Every entry is to be returned unchanged, and no picture is to be included.

#### Provided records
--
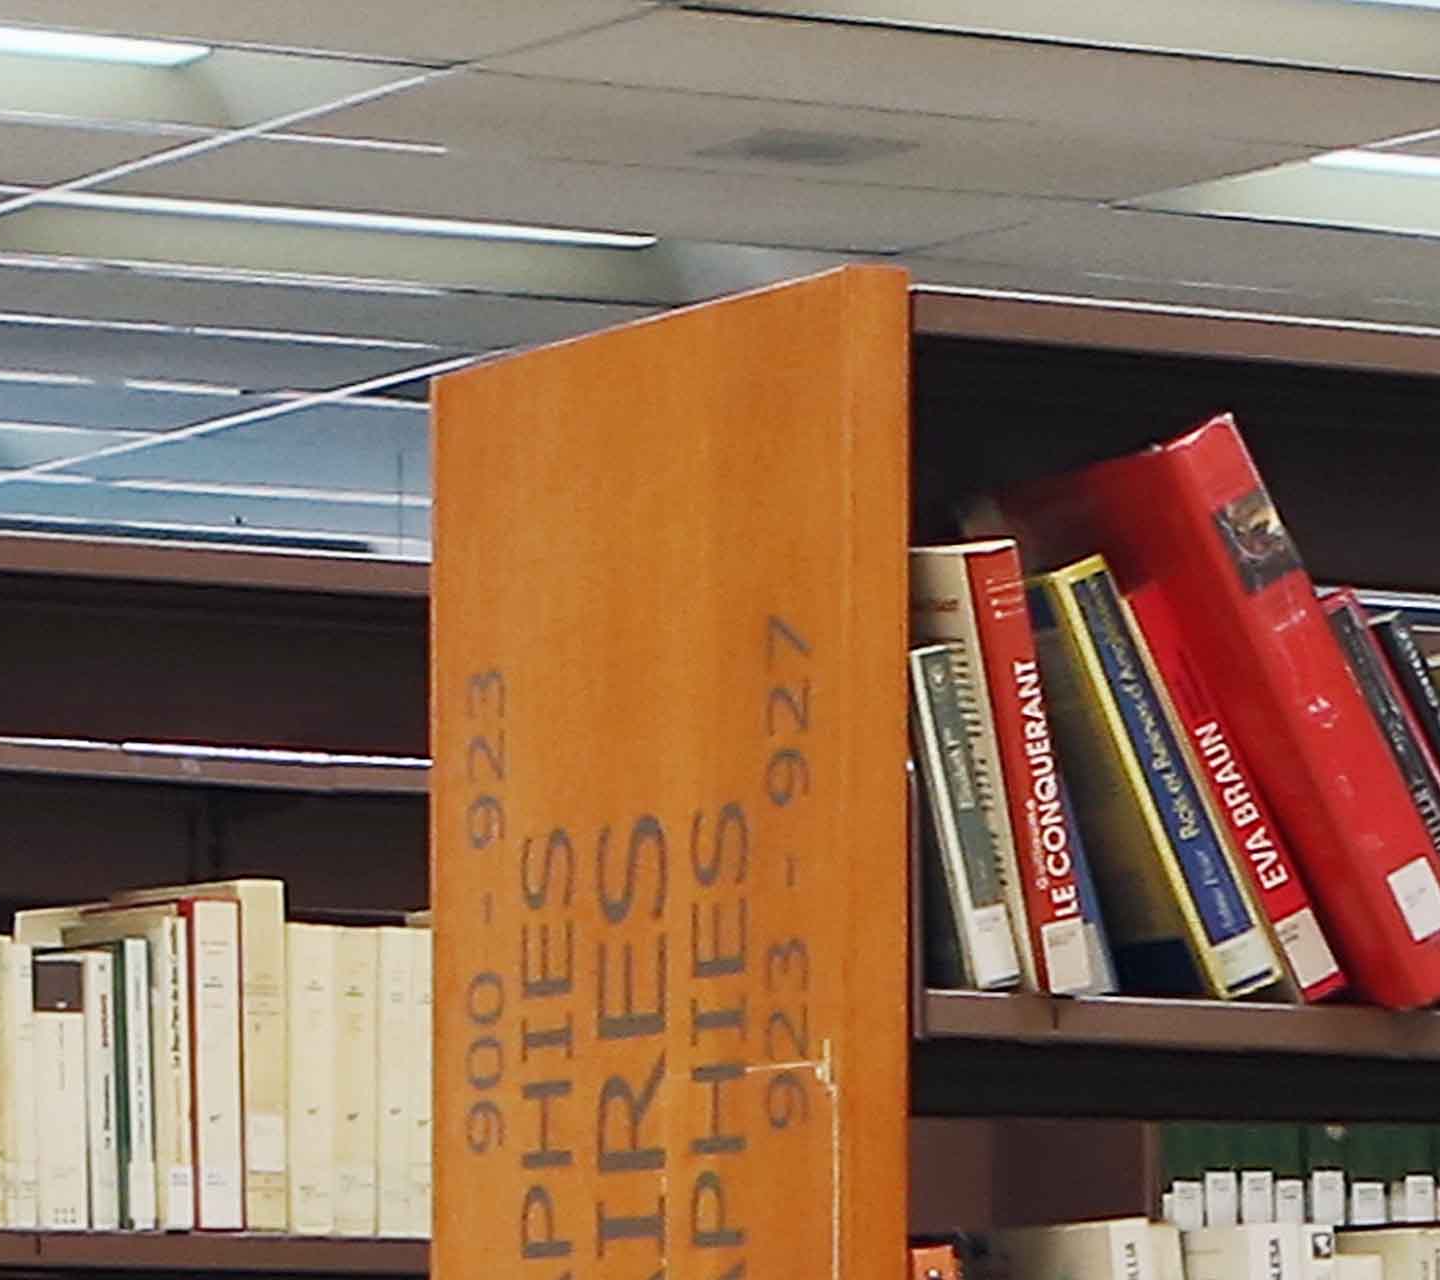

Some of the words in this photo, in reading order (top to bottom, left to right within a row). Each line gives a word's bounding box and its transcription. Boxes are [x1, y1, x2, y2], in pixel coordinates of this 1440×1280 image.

[465, 664, 504, 852] 923
[767, 614, 810, 808] 927
[1191, 719, 1259, 829] BRAUN
[1050, 884, 1079, 917] LE
[1240, 826, 1288, 890] EVA
[465, 969, 504, 1155] 900
[767, 936, 810, 1131] 923
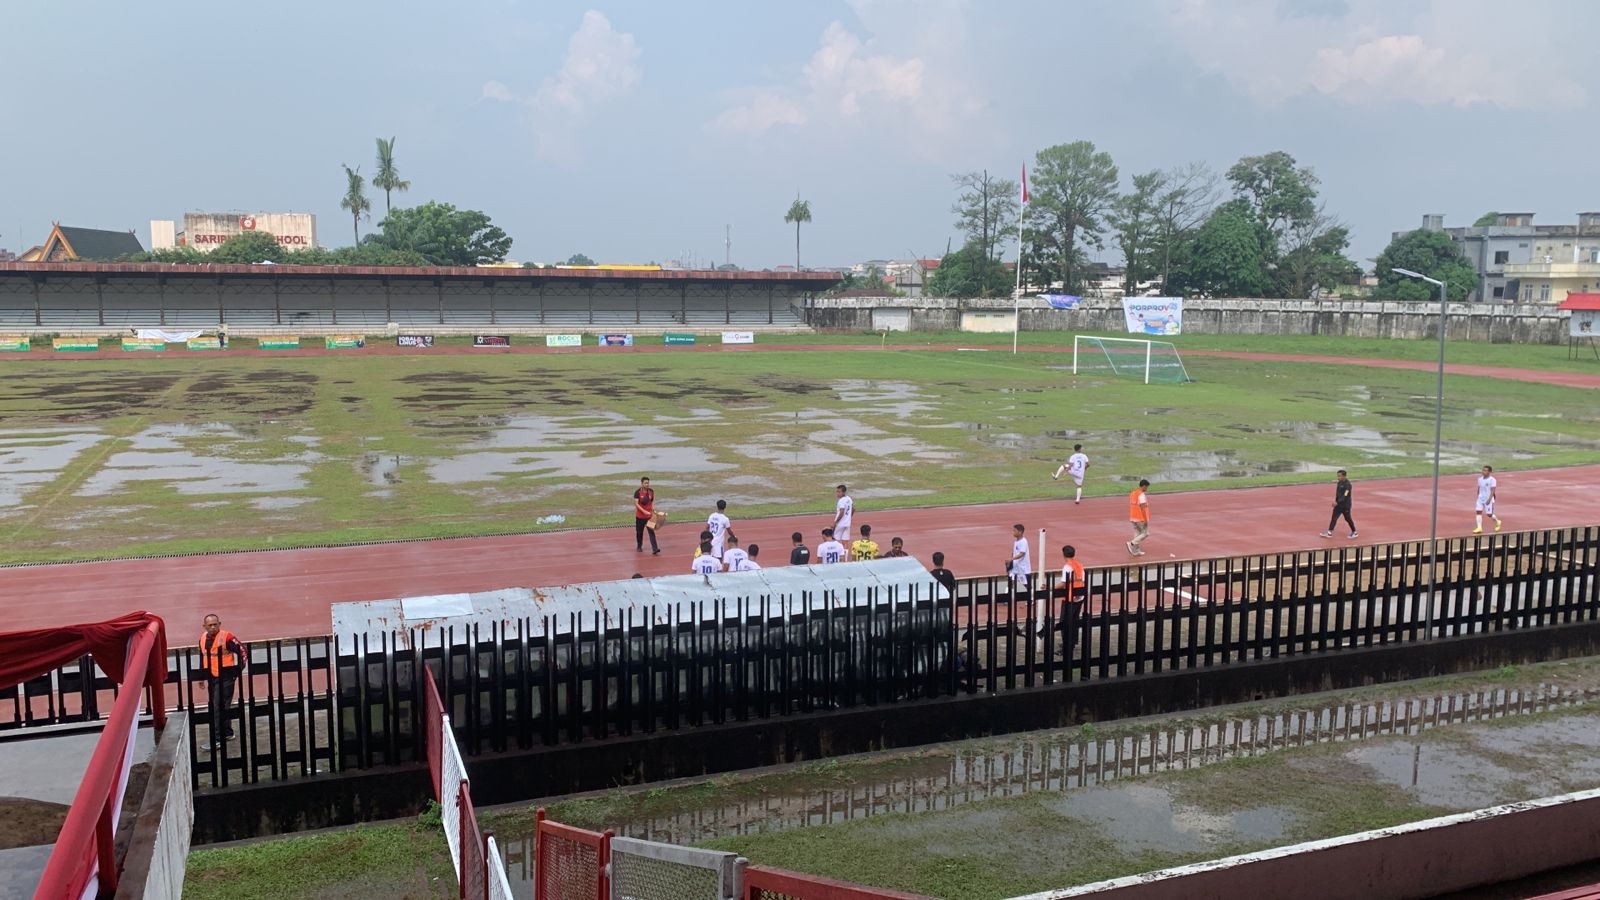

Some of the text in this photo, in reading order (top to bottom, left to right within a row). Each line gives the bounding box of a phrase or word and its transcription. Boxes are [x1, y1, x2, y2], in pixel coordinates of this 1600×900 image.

[274, 235, 308, 245] HOOL
[857, 550, 871, 560] 26
[702, 565, 712, 574] 10
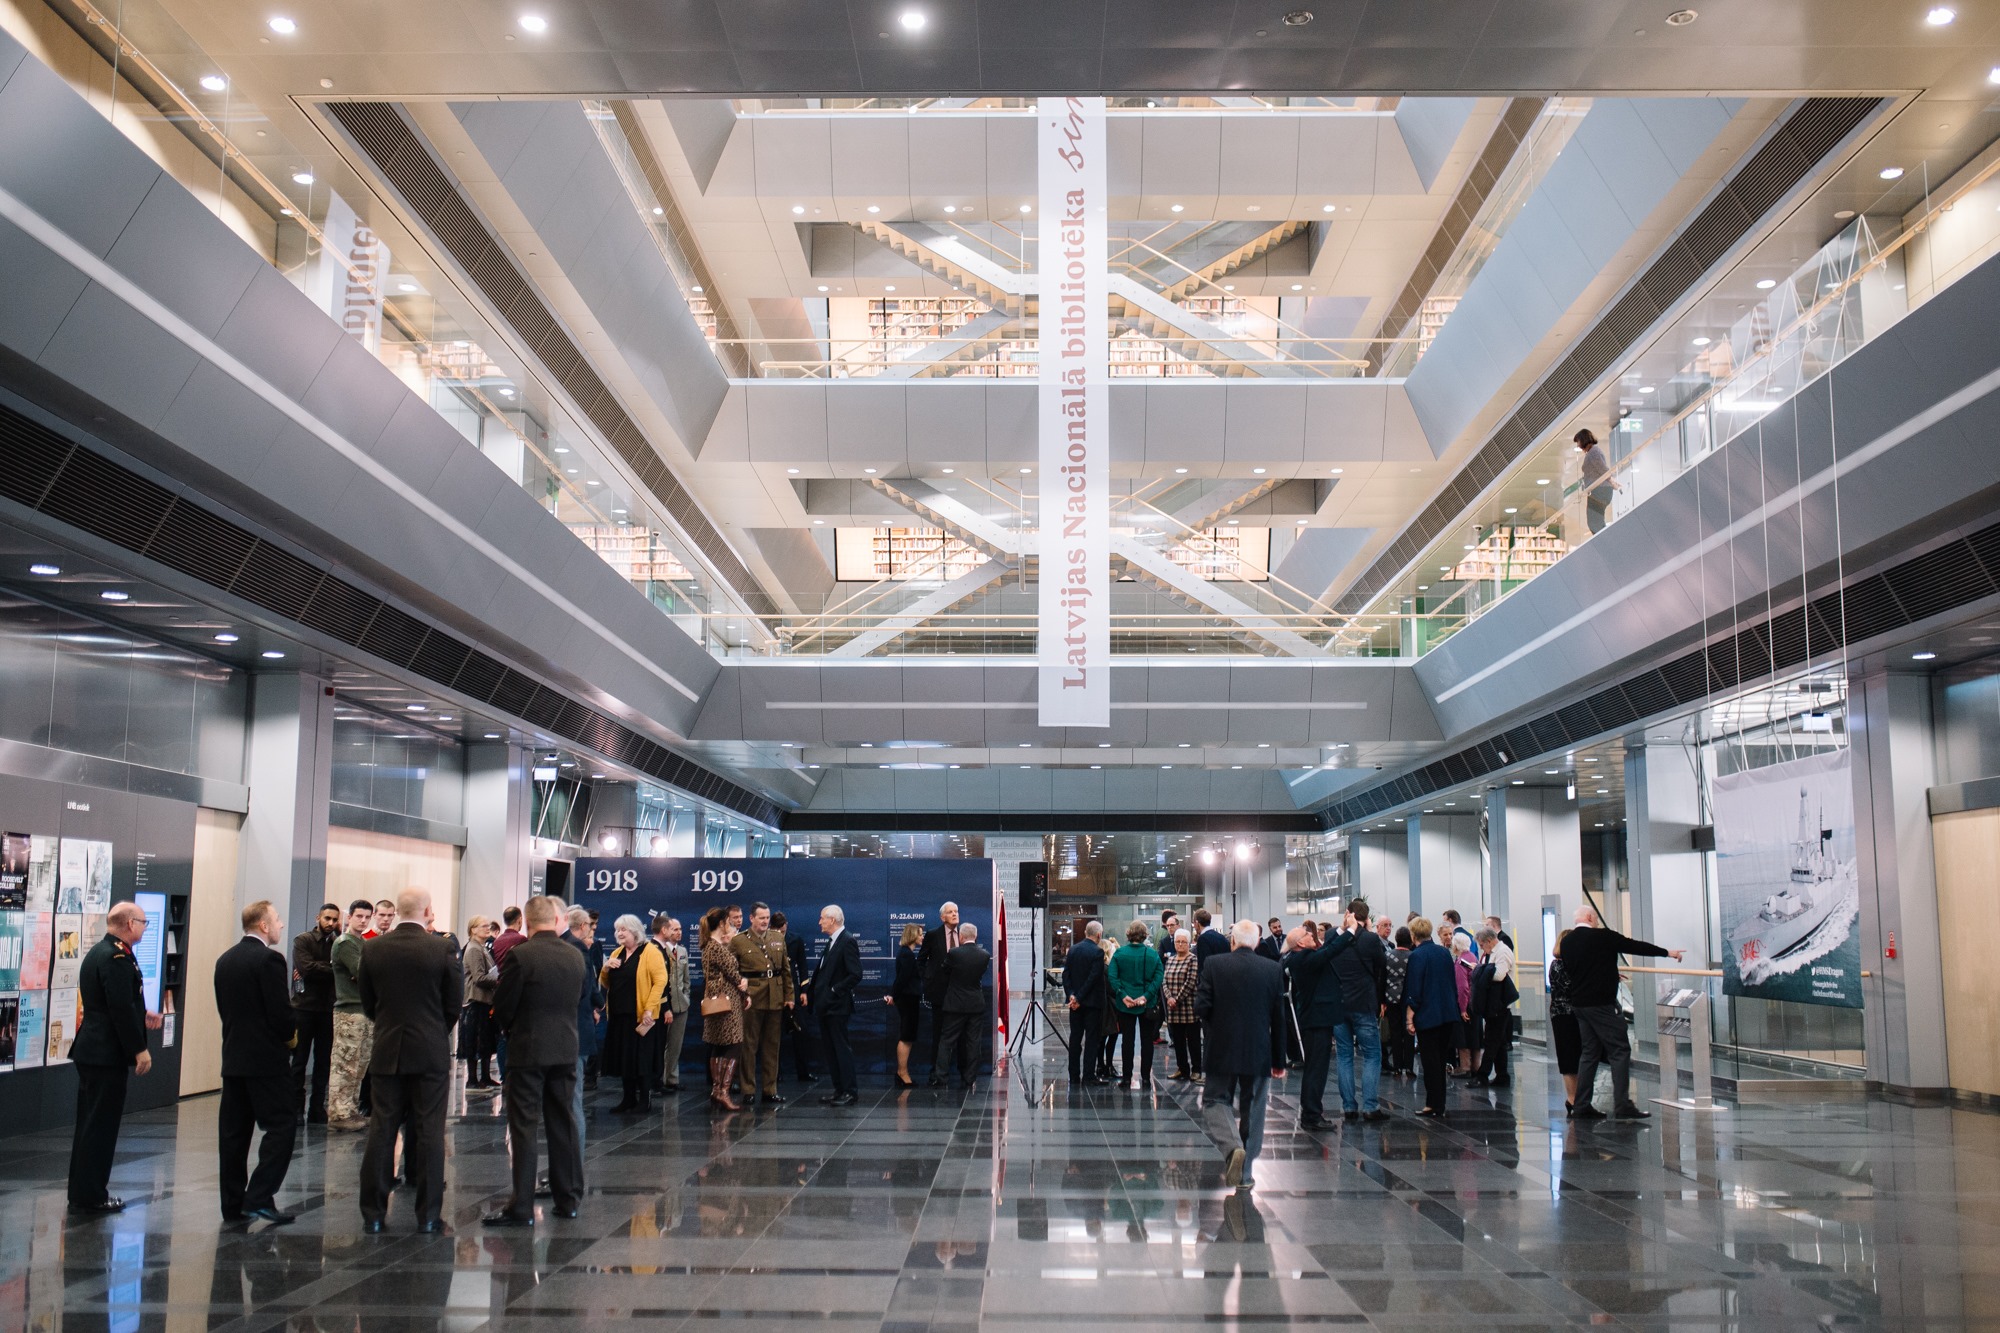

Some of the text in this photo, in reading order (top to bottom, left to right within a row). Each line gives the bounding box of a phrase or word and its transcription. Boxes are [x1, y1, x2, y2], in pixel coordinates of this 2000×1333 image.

[1060, 187, 1086, 360] bibliotēka
[1060, 366, 1087, 539] Nacionālā
[1060, 547, 1093, 690] Latvijas
[586, 869, 639, 892] 1918
[691, 869, 744, 892] 1919
[20, 998, 27, 1007] AT
[20, 1009, 35, 1018] RASTS
--
#### Exercise solution
Some of the words in this photo, in reading order (top to bottom, left to right within a row). Each line gives a word's bounding box and its transcription. Boxes are [x1, y1, x2, y2], in pixel coordinates of this 1440×1280 image.

[465, 664, 504, 852] 923
[767, 614, 810, 808] 927
[1191, 719, 1259, 829] BRAUN
[1050, 884, 1079, 917] LE
[1240, 826, 1288, 890] EVA
[465, 969, 504, 1155] 900
[767, 936, 810, 1131] 923

Some of the text in this photo, in reading order (top to bottom, left to right within a row). Each line gives the bounding box of a phrase or word and its transcription. Boxes are [x1, y1, x2, y2], in pixel coordinates of this 1600×900 image.

[274, 235, 308, 245] HOOL
[857, 550, 871, 560] 26
[702, 565, 712, 574] 10

Some of the text in this photo, in reading order (top to bottom, left to right within a row). Each line gives the bounding box of a phrase or word and its transcription. Boxes are [x1, y1, x2, y2], in pixel coordinates of this 2000×1333 image.

[1060, 187, 1086, 360] bibliotēka
[1060, 366, 1087, 539] Nacionālā
[1060, 547, 1093, 690] Latvijas
[586, 869, 639, 892] 1918
[691, 869, 744, 892] 1919
[20, 998, 27, 1007] AT
[20, 1009, 35, 1018] RASTS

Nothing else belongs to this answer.